In the listing that follows, give every line again exactly and omit the pictures.

Available records Block Start

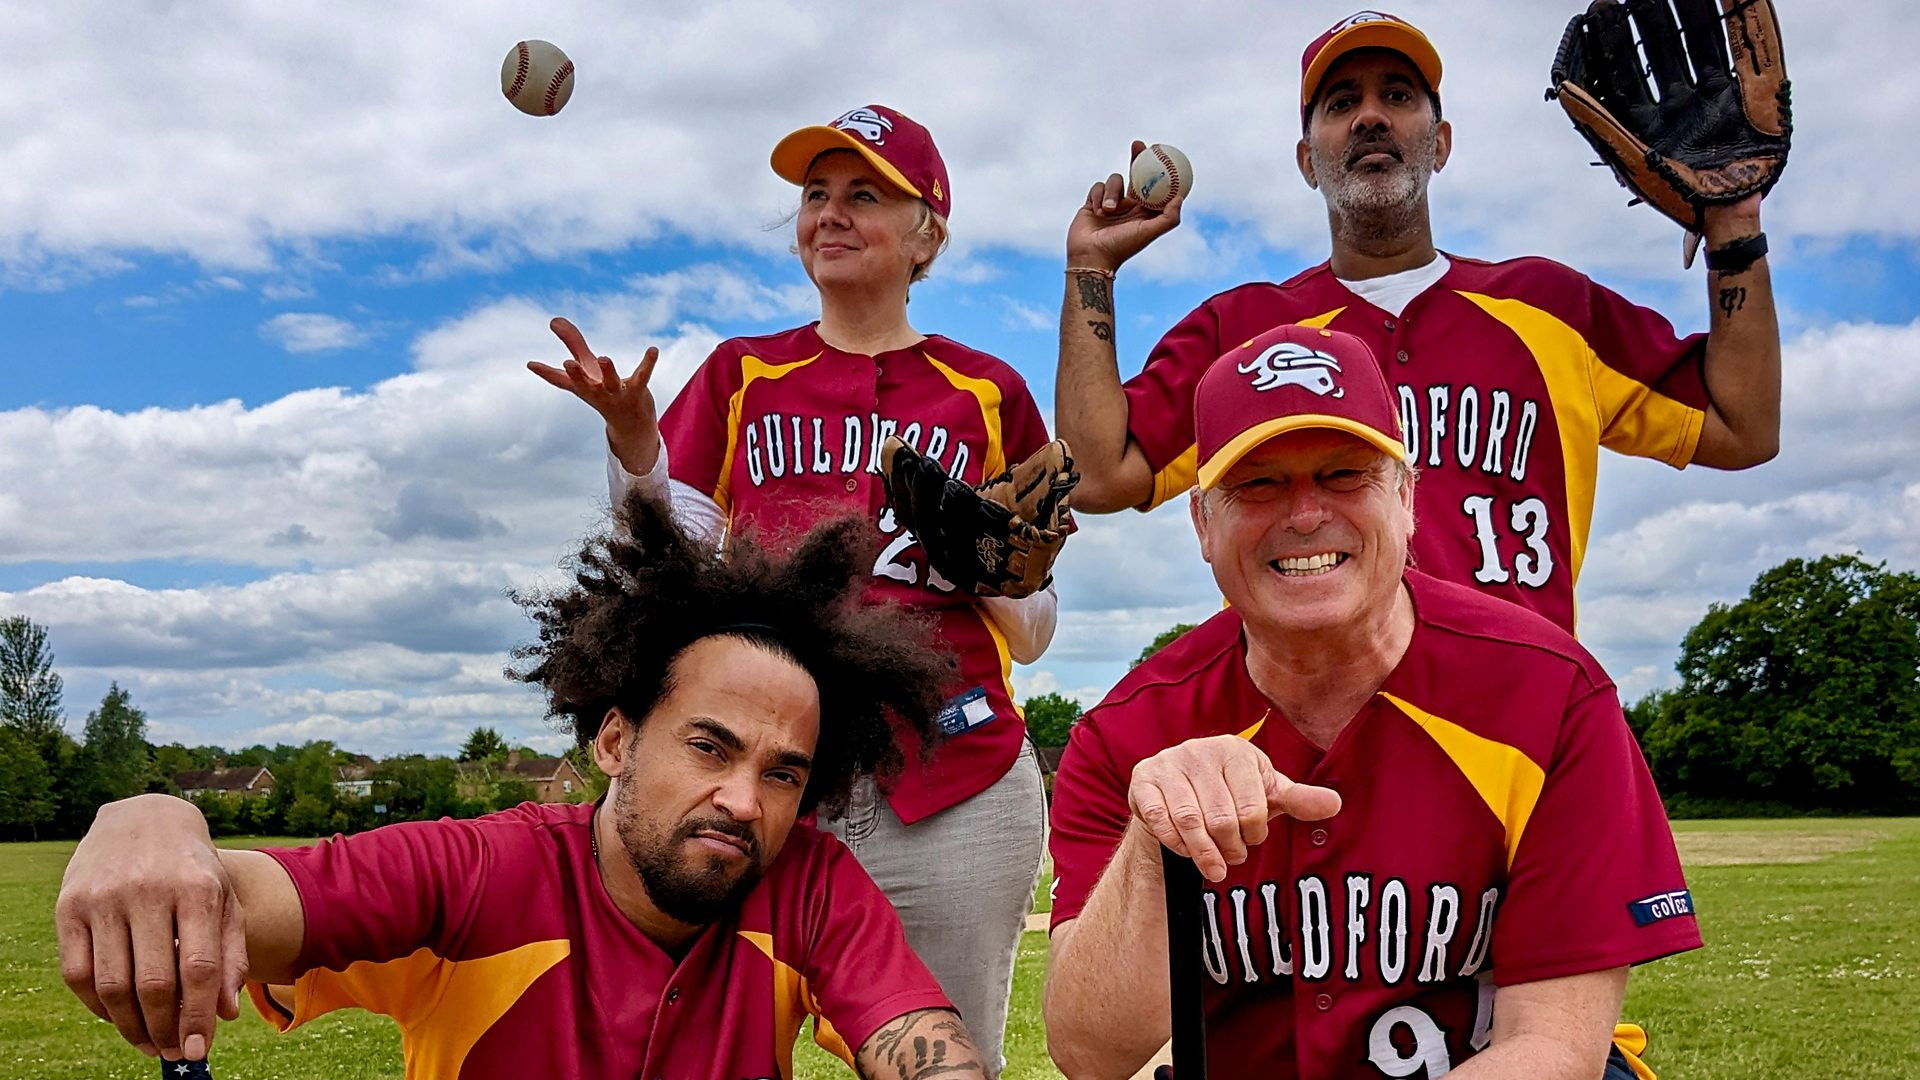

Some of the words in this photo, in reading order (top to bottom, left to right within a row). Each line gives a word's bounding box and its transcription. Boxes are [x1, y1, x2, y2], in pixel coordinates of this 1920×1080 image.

[1397, 384, 1537, 482] DFORD
[871, 507, 957, 592] 2
[1463, 494, 1555, 589] 13
[1202, 875, 1499, 985] UILDFORD
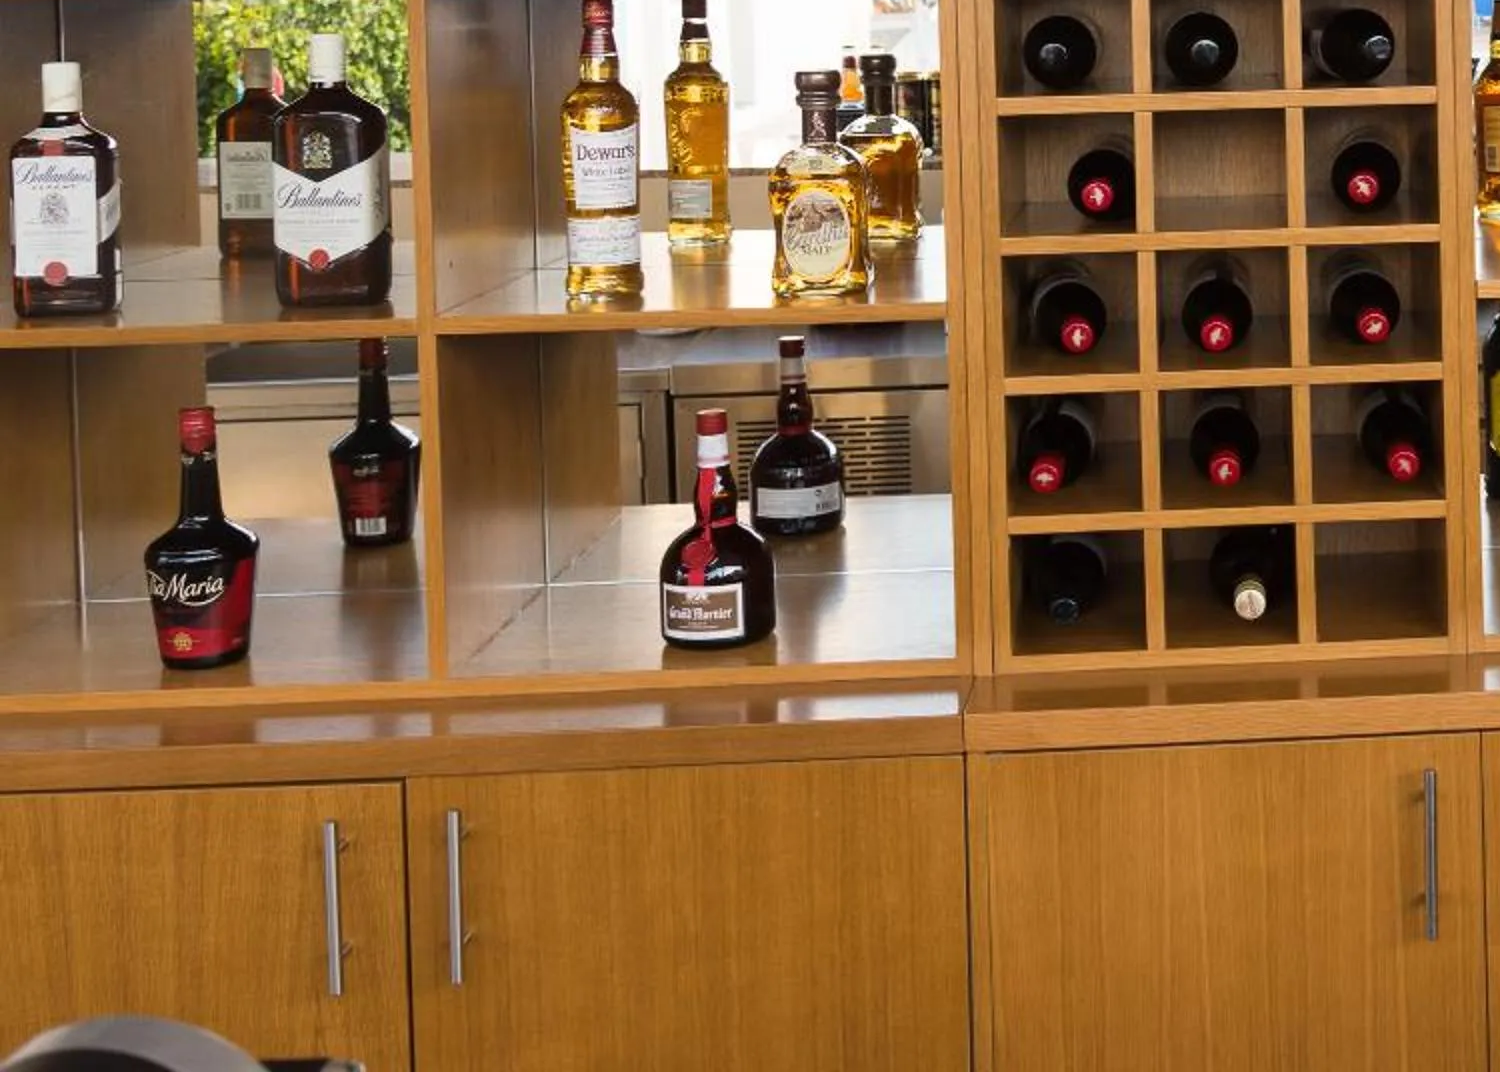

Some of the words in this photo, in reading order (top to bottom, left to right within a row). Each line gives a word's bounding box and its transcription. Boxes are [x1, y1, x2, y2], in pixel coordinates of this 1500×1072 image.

[576, 143, 635, 163] Dewar's
[277, 182, 363, 210] Ballantine's
[163, 572, 224, 604] Maria
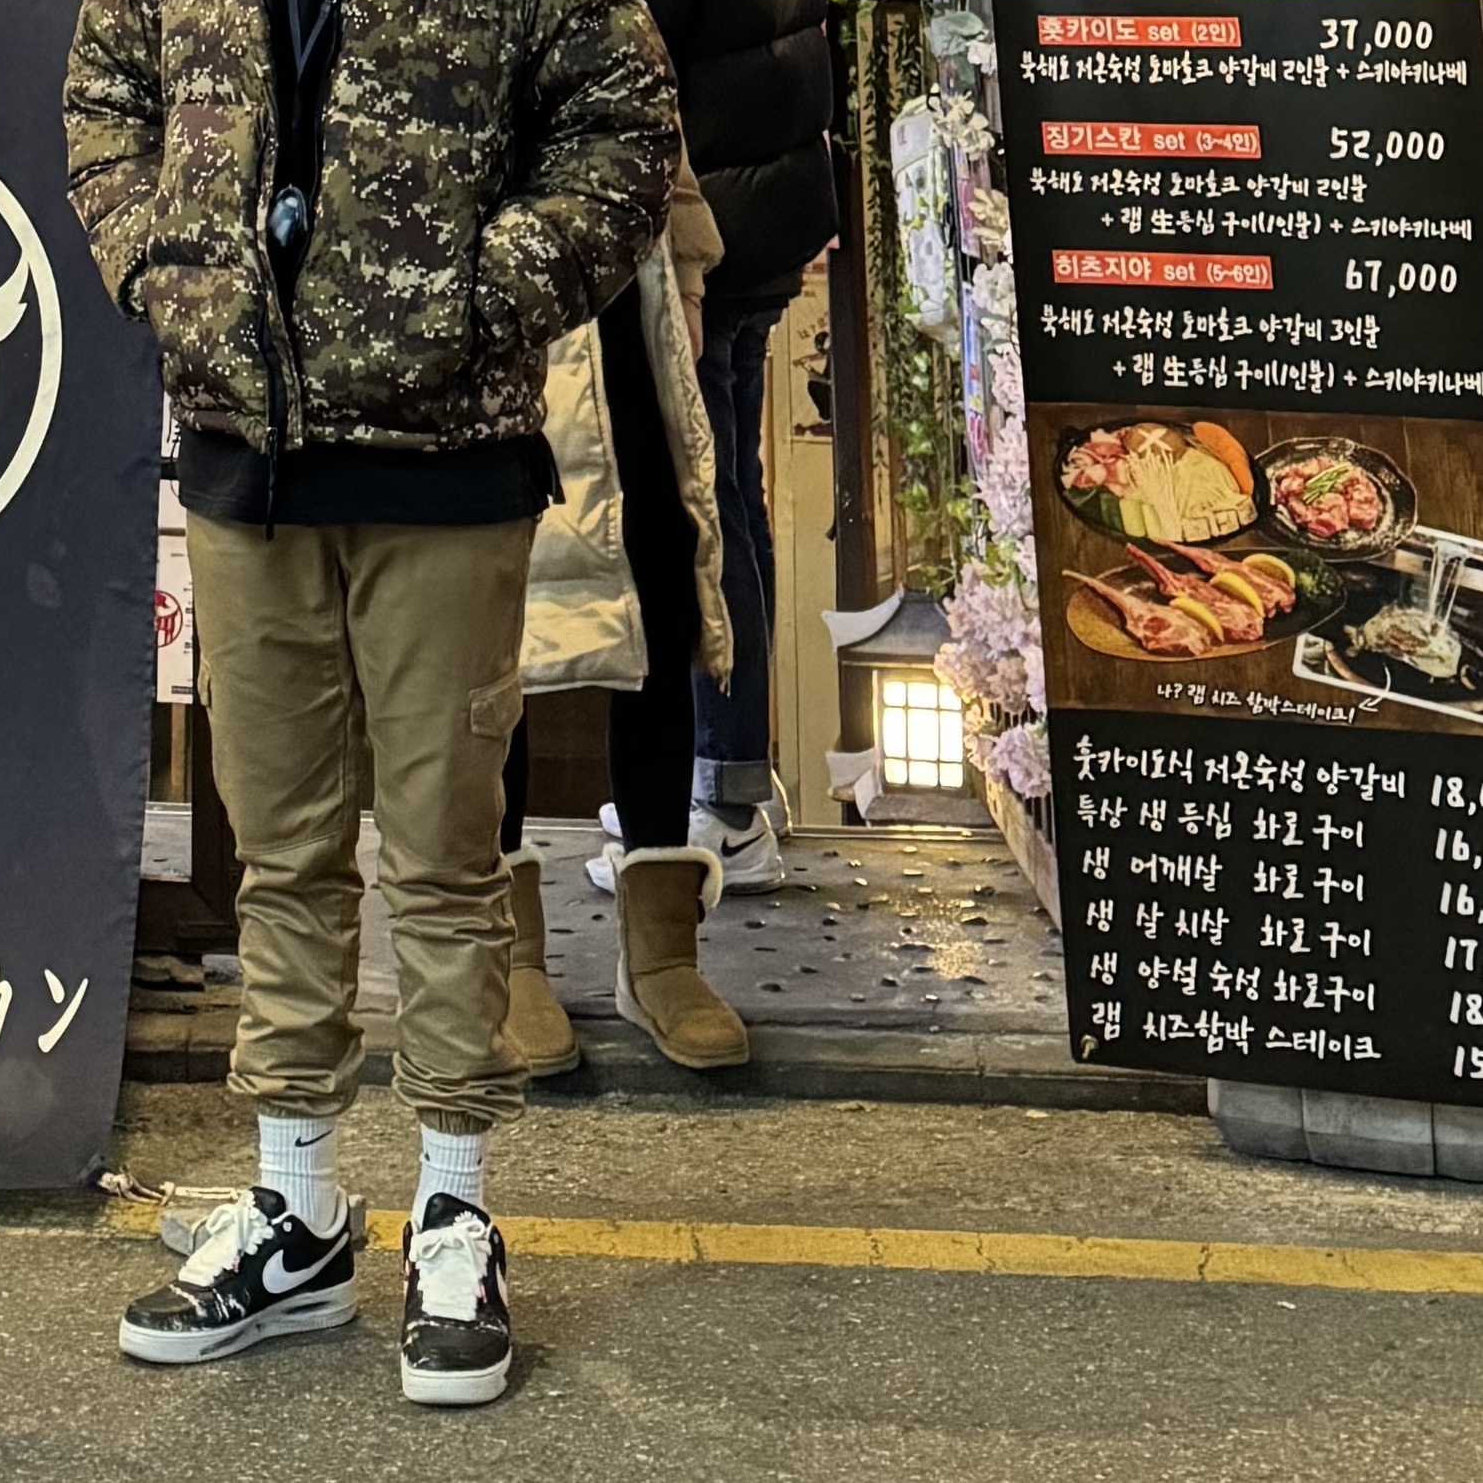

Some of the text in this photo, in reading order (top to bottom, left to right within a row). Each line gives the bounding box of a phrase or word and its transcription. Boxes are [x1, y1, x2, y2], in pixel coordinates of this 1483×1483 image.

Available records Block End

● **Answer area**:
Some of the words in this photo, in reading order (top to bottom, left to right within a row). Each line gives a word's bounding box and its transcription. Boxes are [x1, y1, x2, y2], in pixel coordinates of this 1920×1080 image.

[1397, 384, 1537, 482] DFORD
[871, 507, 957, 592] 2
[1463, 494, 1555, 589] 13
[1202, 875, 1499, 985] UILDFORD

Some of the words in this photo, in reading order (top to bottom, left to right within a row). Each line gives a word's bounding box and its transcription. Boxes are [x1, y1, x2, y2], in pixel coordinates of this 1500×1072 image.

[576, 143, 635, 163] Dewar's
[277, 182, 363, 210] Ballantine's
[163, 572, 224, 604] Maria

Some of the text in this photo, in reading order (top to bottom, left to right within a row). Each line gives the bounding box of a phrase or word and its transcription. Boxes are [x1, y1, x2, y2], in pixel coordinates of this 1483×1483 image.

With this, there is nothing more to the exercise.